──────── INPUT MATERIAL

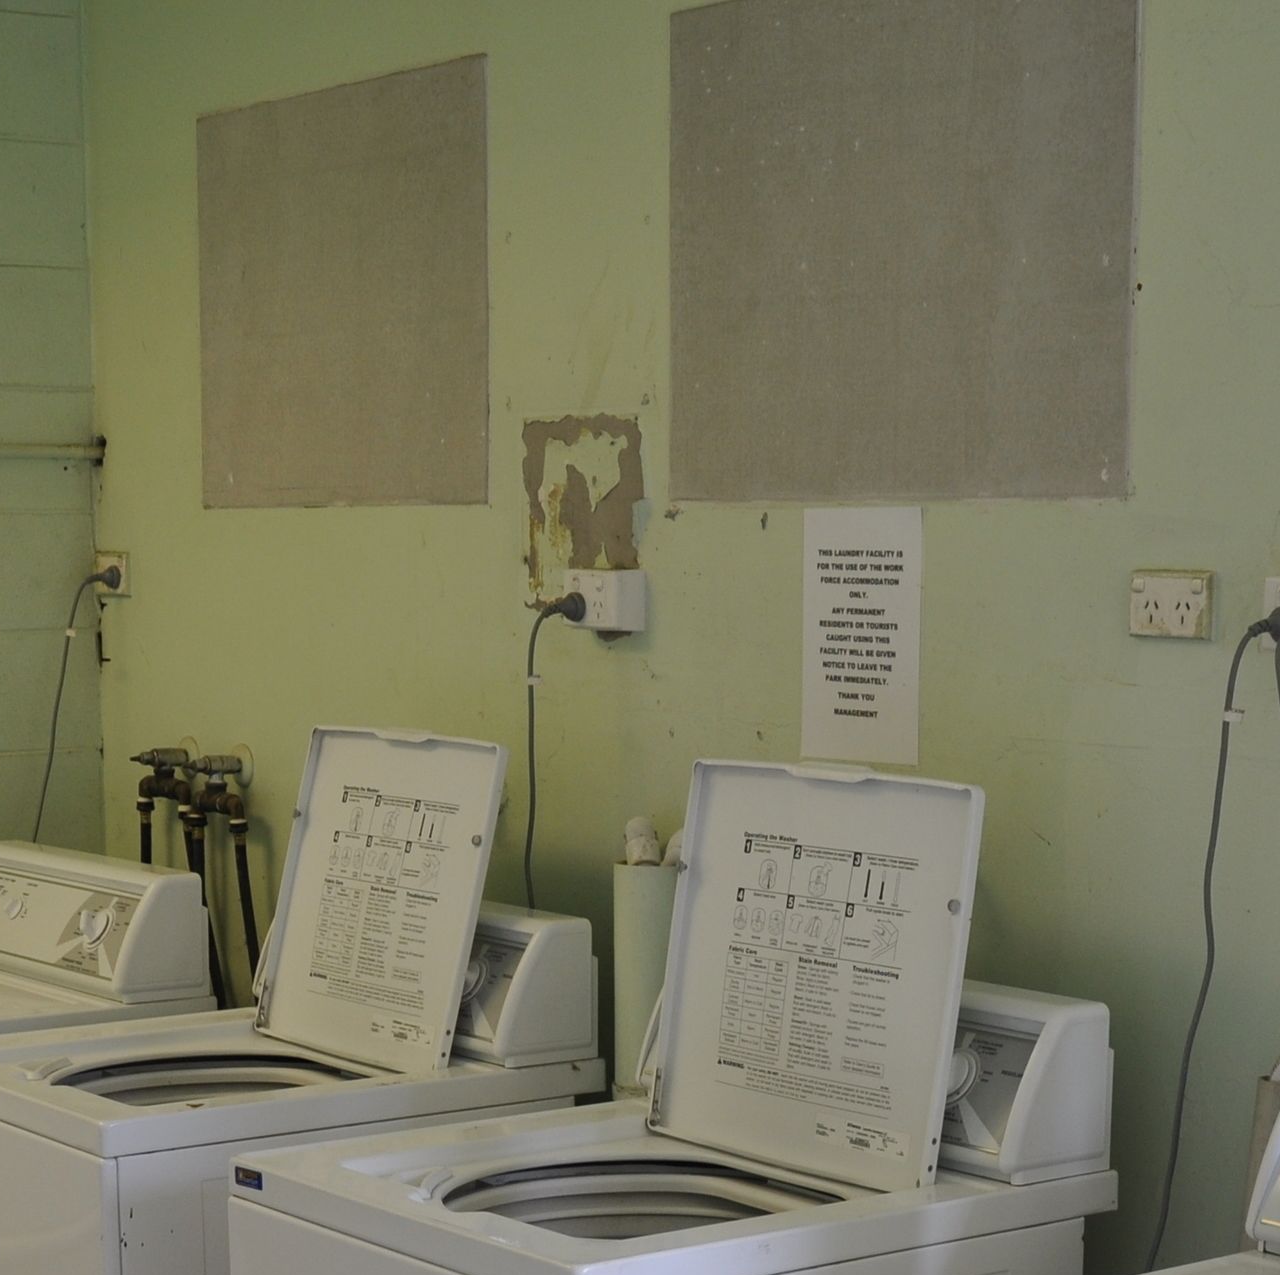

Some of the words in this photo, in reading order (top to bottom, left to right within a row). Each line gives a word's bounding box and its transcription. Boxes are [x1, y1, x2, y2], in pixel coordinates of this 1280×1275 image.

[842, 577, 899, 585] ACCOMMODATION
[819, 620, 853, 628] RESIDENTS
[866, 622, 897, 630] TOURISTS
[849, 648, 863, 656] WILL
[844, 676, 888, 685] IMMEDIATELY.
[837, 691, 858, 699] THANK
[833, 708, 878, 717] MANAGEMENT
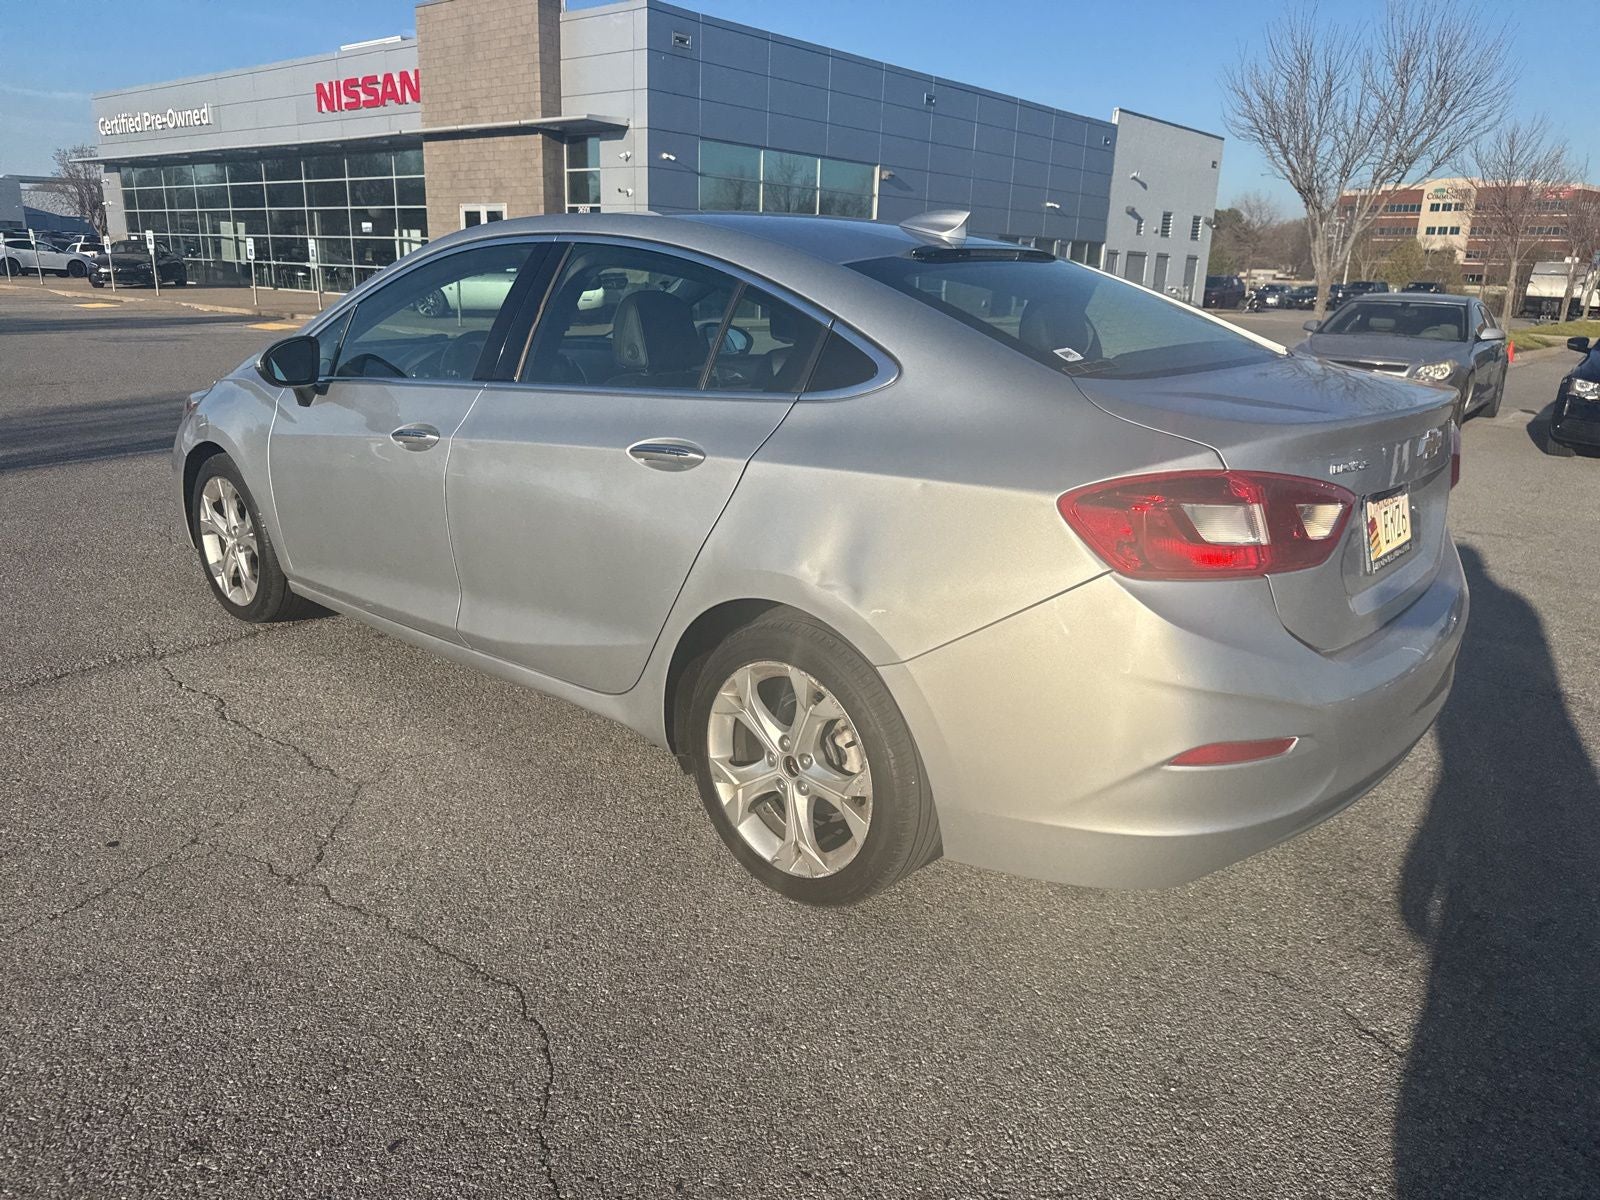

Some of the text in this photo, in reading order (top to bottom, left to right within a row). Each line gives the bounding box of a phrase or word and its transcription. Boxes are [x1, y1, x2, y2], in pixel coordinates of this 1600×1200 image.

[315, 69, 421, 112] NISSAN
[99, 103, 209, 136] Certified Pre-Owned

────────────────

### AIM OF THE EXERCISE
Every line above should be output exactly, except for the pictures.

### WORKED SOLUTION
Some of the words in this photo, in reading order (top to bottom, left to right within a row). Each line gives a word's bounding box and its transcription. Boxes are [x1, y1, x2, y2], in pixel coordinates of this 1280×1275 image.

[842, 577, 899, 585] ACCOMMODATION
[819, 620, 853, 628] RESIDENTS
[866, 622, 897, 630] TOURISTS
[849, 648, 863, 656] WILL
[844, 676, 888, 685] IMMEDIATELY.
[837, 691, 858, 699] THANK
[833, 708, 878, 717] MANAGEMENT

Some of the text in this photo, in reading order (top to bottom, left to right within a row). Each line gives the bounding box of a phrase or word and its transcription. Boxes are [x1, y1, x2, y2], in pixel coordinates of this 1600×1200 image.

[315, 69, 421, 112] NISSAN
[99, 103, 209, 136] Certified Pre-Owned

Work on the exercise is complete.